Why pay an arm and a leg for local, organic produce when you can get it for free? The streets and forests of Berlin and Brandenburg are teeming with bounty… if you know where to look.
Cycling through an overcast car park in the eastern suburb of Hellersdorf, peering into the unremarkable trees lining the cement, doesn’t exactly seem like the most efficient way to make a fruit salad. But this bike tour, a two-hour Sunday jaunt through the neglected foliage of Berlin’s far east, has set out to prove Mundraub’s motto: “The city is your garden.”
Founded in 2009, the Berlin-based non-profit draws together urban foragers’ finds on a virtual world map plotting some 30,000 locations of fruits, nuts and herbs.

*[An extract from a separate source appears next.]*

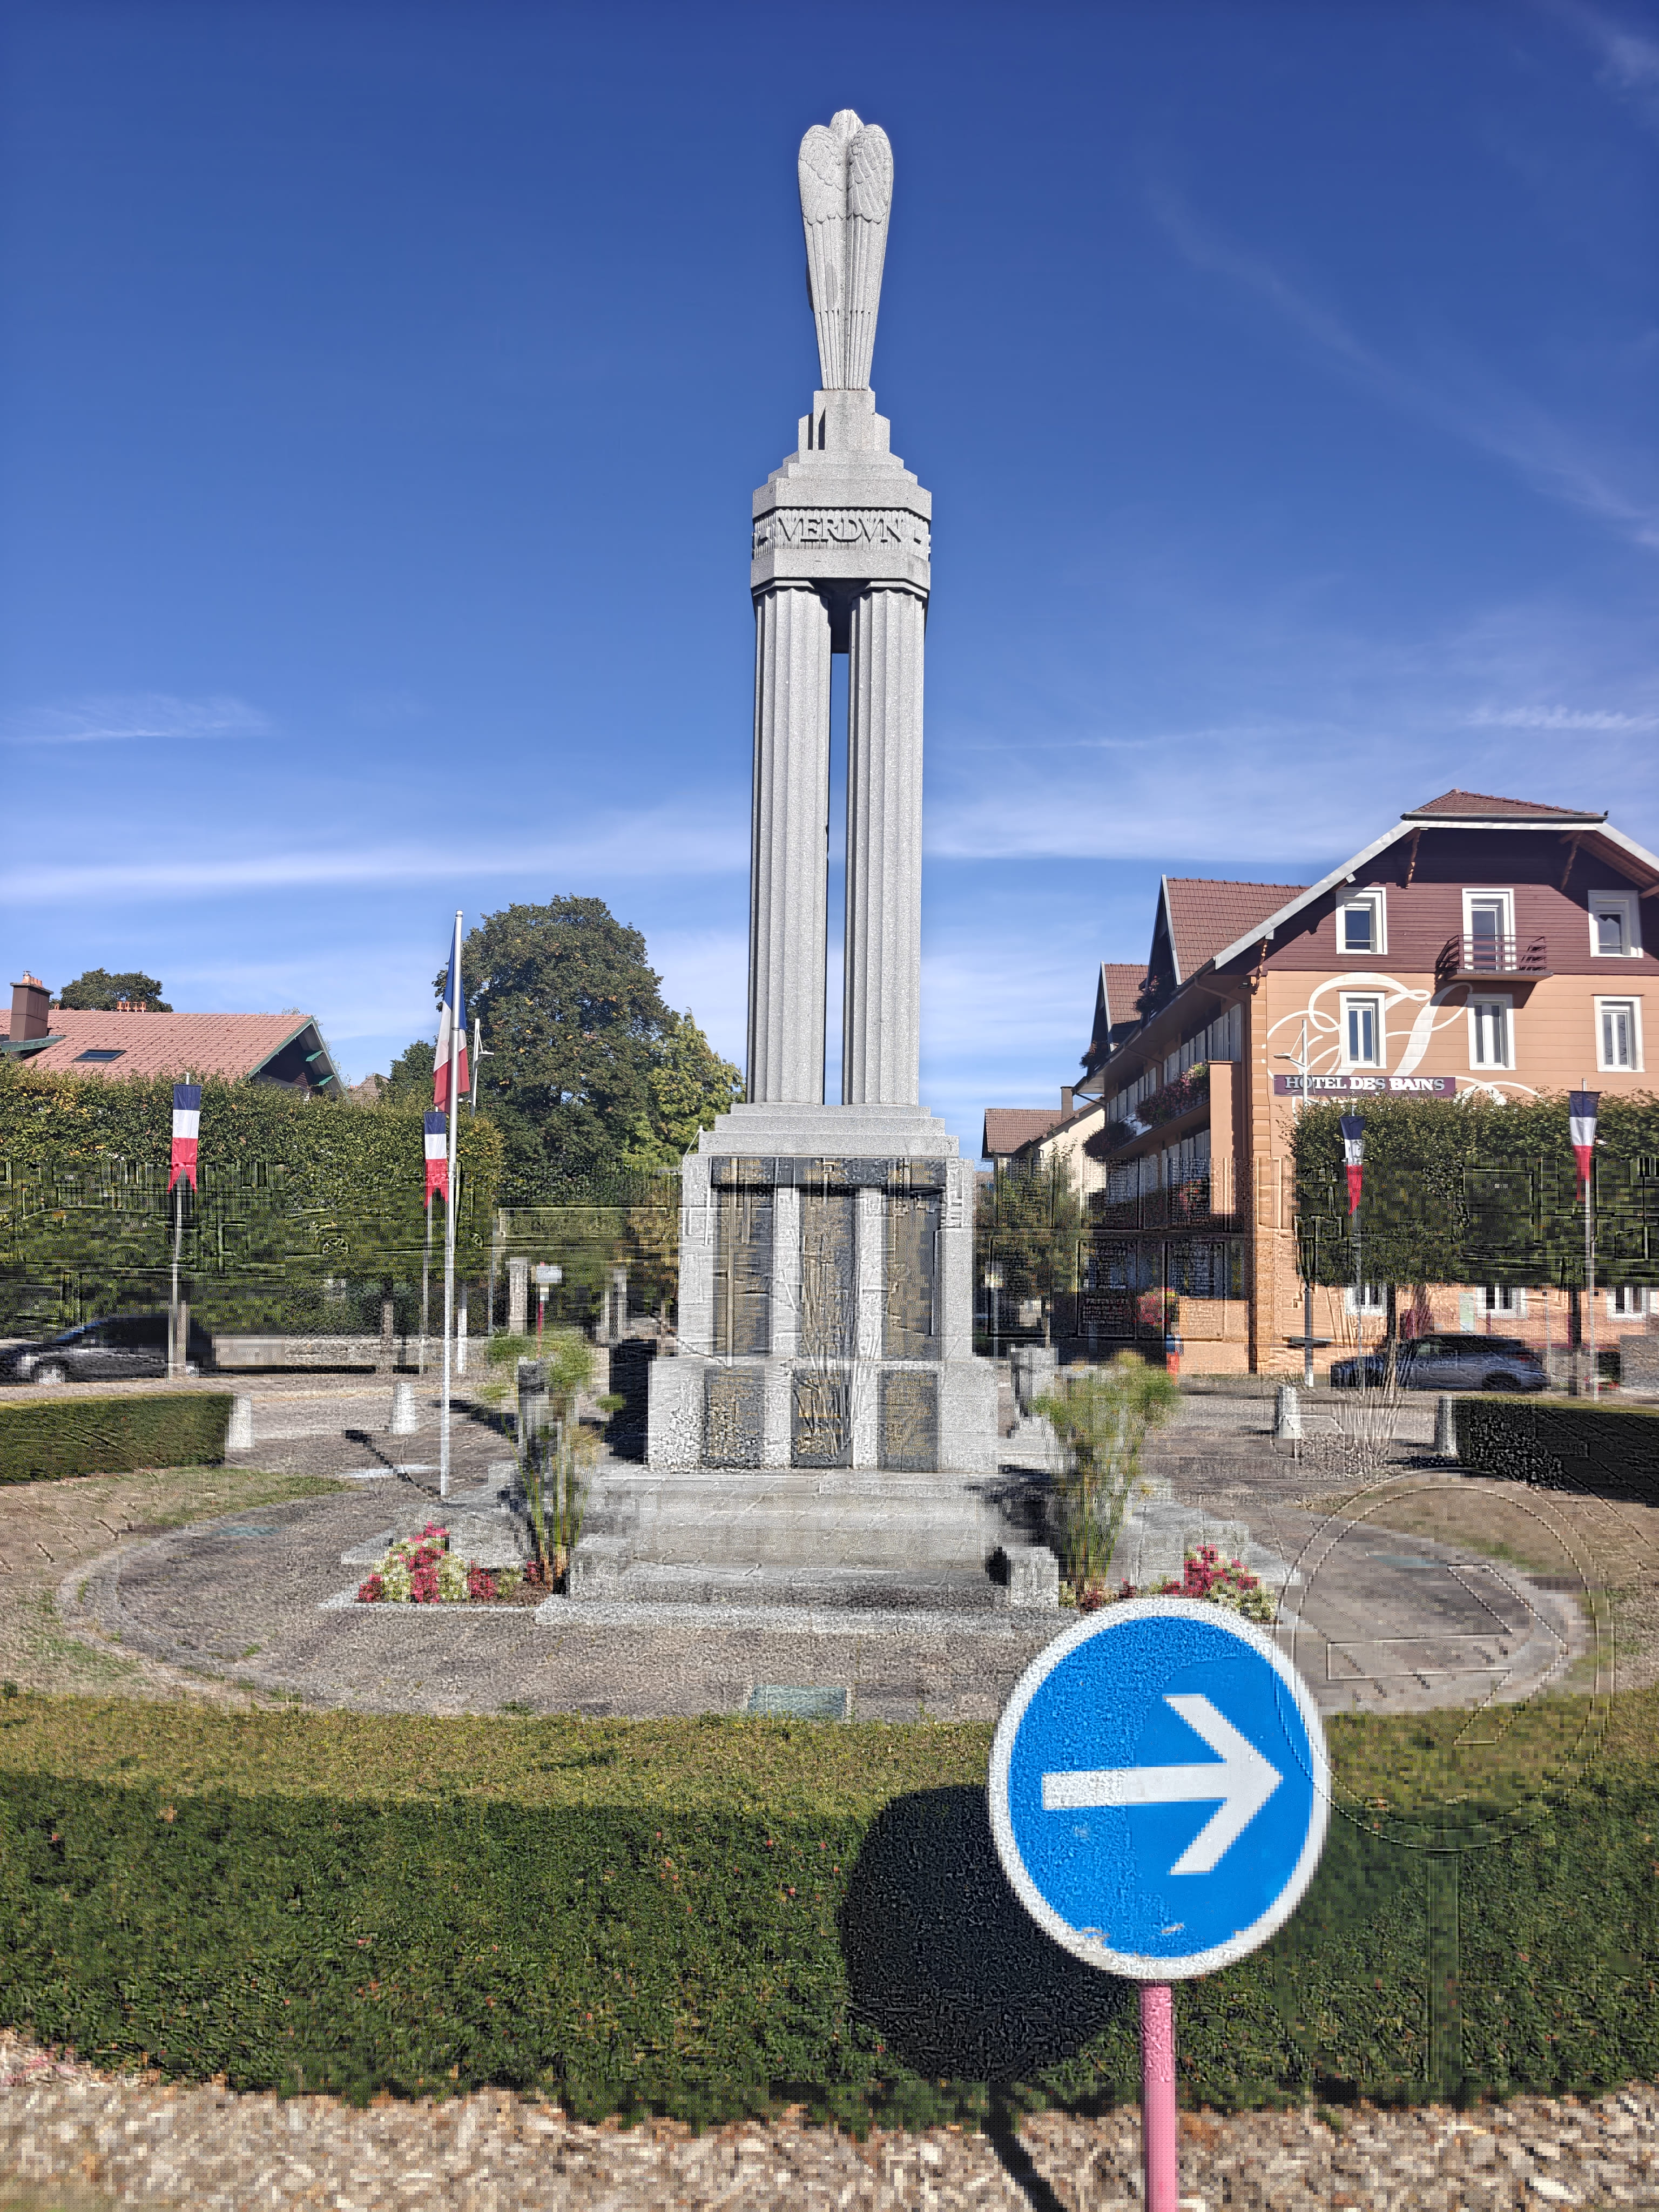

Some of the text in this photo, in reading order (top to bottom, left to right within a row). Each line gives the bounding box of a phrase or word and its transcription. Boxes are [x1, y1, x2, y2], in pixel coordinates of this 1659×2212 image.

Its most active community is, of course, in Berlin, with over 3100 trees, bushes and patches ripe for the plucking. Magda Zahn, 39, the red-headed Mundraub project manager and tour guide, is here to help us discover them.
“When I ride my bike through Berlin I always see something to eat,” she explains. Zahn runs the German tours, with English translation, two to three times a month in summer and autumn for €15 (€7 children). Today’s 12-strong crew ranges from a dreadlocked student to a family with young kids.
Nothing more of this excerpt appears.